Just as the Federal Reserve thinks of inflation both on a short- (aka "transitory") and long-term basis, so too must dealers.
* Building material prices will keep rising. Manufacturers continue to keep pushing through increases amid expectations of continued strong demand. Our experiences from earlier this year, when lumber prices pretty much tripled before builders pulled back, suggest contractors these days are tolerating the hikes because the home buyer will accept them.
* Mother Nature Isn't Helping. For several years now, Southern yellow pine's sales and production have grown as the Mountain Pine Beetle's impact on Pacific Northwest lumber took hold. But Dixie is developing its own long-term resource issues. Hurricane Michael three years ago wiped out $1.3 billion worth of timber in Florida's Panhandle, and hurricanes last year ruined an estimated $1.5 billion worth of timber in Louisiana. It will take 10 to 15 years for those areas to regrow. No wonder log prices in the South have risen.
* Housing Affordability's Tipping Point Has Changed. Top-tier housing economists such as Ali Wolf of Zonda and Robert Dietz of NAHB used to say that mortgage rates could rise to as high as 5% before affordability becomes a serious problem. But that was before home prices rose 18% over the 12 months ending in August. Now, after factoring in such higher prices, Wolf and Dietz now believe affordability becomes a big deal when rates hit 4%. That could happen by late 2022.
Webb Analytics is all about trends, threats, and opportunities. There are three long-term items that merit your attention.
* Crazy Money. "I don’t think I’ve ever seen this much capital in the housing space before," Scott Cox wrote in a recent column for The Builders Daily. That pile of cash plus COVID's many aftereffects, is causing investors to make to big and possibly over-optimistic assumptions about the housing market--assumptions that might not hold up. His advice? "Just because you believe you are being prudent, that does not mean others are," he says. "If you are in a position that being right about pricing but wrong about absorption is disappointing but not tragic, it will probably be fine. If you need to be right about absorption, you should be nervous."
* SFBFR's Potential. Single-Family Build for Rent strikes me as the Bitcoin of housing: a concept getting far more attention (including over $30 billion worth of investment) than is deserved by its actual place in the market. That often happens to shiny new ideas. SFBFR may be a case, as Cox implies above, of too much money chasing an idea. It could become a big deal in fast-growing parts of the country, like Phoenix and metro markets in Texas, but never expand to smaller, cooler markets.

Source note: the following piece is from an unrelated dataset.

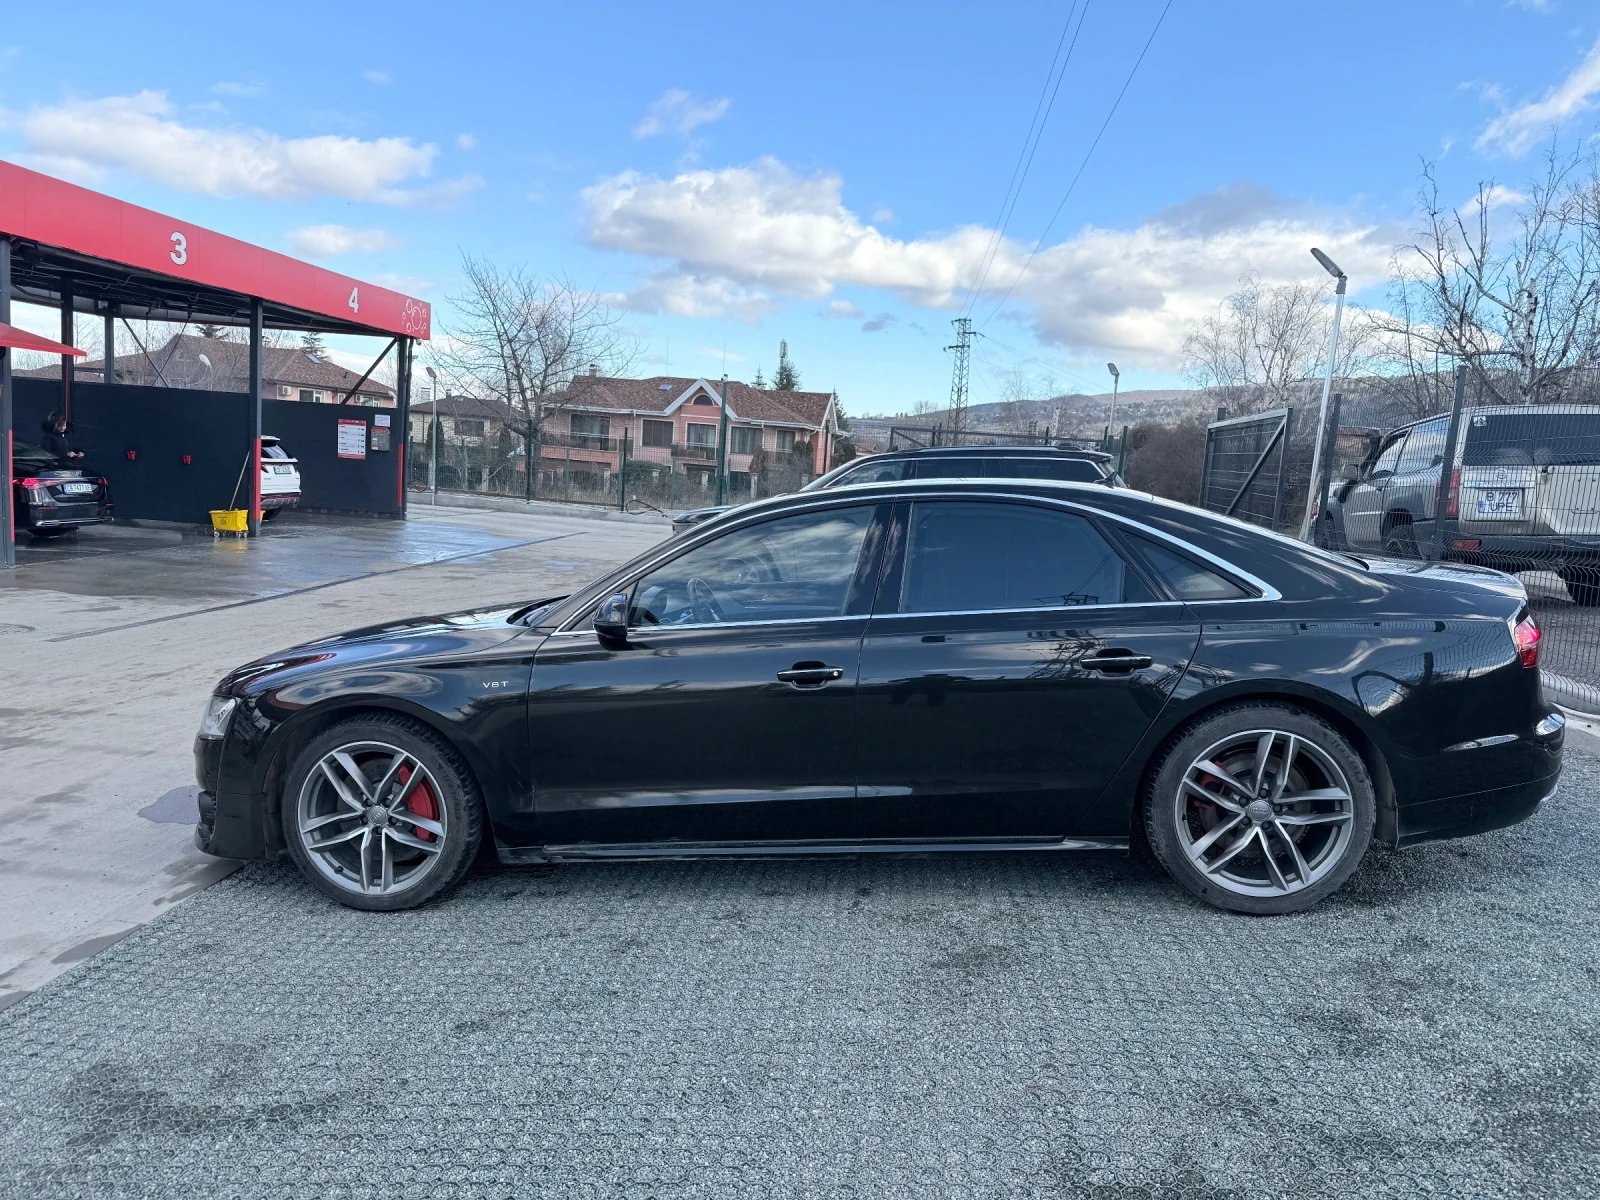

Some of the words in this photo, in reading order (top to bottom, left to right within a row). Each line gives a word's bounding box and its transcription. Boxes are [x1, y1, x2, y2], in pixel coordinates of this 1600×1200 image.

Then again, if mortgage rate hikes do make housing less affordable, it could provide an alternative to people all over the country who want more space but still can't make a down payment.
* An Existential Challenge? Lots of LBM operations basically do three things: They sell products, they deliver products, and they provide credit to buy those products. Of those three, deliveries often were the biggest selling point, particularly when you compared a dealer to the big boxes. But now comes news that The Home Depot is going to use Walmart's new GoLocal service to provide same- or next-day delivery on a variety of home improvement products. We're talking about smaller products here, like tools and fasteners and paint and other stuff that can fit in a car, but other companies are offering to make much bigger hauls. As these services grow, dealer deliveries fade as a Unique Selling Proposition.